EXERCISE AIM: With the line containing "this 1746×1746 image." as the first line and the last line of the records as the final one, reproduce that range exactly.

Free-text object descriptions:
= Beginning of Section =
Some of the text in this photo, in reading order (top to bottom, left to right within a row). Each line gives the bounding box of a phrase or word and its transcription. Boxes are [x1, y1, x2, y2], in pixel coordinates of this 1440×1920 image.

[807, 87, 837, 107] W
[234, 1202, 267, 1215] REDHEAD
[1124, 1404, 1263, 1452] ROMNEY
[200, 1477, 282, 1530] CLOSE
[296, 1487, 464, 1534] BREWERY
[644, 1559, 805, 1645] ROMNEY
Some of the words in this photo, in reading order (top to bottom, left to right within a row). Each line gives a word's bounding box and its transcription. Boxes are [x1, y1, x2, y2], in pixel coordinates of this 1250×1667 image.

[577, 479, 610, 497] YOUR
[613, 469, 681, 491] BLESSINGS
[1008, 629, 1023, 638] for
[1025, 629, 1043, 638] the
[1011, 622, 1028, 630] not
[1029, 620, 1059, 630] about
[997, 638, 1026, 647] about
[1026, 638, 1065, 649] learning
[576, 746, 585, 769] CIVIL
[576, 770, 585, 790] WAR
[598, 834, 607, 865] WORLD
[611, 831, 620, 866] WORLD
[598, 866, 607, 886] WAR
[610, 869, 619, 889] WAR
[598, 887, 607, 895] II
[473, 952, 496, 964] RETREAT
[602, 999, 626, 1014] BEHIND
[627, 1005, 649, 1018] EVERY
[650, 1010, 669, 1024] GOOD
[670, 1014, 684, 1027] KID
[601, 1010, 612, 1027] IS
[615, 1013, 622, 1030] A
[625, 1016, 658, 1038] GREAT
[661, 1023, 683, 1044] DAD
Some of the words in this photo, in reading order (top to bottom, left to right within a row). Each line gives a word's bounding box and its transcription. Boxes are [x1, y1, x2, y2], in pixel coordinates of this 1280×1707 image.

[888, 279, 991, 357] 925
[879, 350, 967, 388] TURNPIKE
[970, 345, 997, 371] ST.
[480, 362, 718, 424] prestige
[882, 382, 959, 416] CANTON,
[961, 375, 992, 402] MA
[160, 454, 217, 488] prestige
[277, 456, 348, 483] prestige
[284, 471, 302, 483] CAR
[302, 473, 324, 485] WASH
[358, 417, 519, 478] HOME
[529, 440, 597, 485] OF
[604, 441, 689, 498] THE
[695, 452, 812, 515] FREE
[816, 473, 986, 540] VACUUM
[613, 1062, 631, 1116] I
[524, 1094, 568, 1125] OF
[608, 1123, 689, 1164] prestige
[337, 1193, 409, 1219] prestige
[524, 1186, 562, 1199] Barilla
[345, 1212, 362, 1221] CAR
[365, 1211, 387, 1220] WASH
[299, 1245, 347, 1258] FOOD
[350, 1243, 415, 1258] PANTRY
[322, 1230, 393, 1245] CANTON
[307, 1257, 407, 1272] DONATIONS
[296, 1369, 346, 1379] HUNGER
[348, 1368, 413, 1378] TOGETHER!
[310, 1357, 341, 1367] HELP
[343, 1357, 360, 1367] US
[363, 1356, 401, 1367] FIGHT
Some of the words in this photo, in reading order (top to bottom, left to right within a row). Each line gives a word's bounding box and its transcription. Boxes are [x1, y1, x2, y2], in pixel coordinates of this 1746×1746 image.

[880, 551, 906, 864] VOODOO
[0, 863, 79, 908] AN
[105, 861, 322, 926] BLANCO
= End of Section =
FINISHED EXERCISE:
Some of the words in this photo, in reading order (top to bottom, left to right within a row). Each line gives a word's bounding box and its transcription. Boxes are [x1, y1, x2, y2], in pixel coordinates of this 1746×1746 image.

[880, 551, 906, 864] VOODOO
[0, 863, 79, 908] AN
[105, 861, 322, 926] BLANCO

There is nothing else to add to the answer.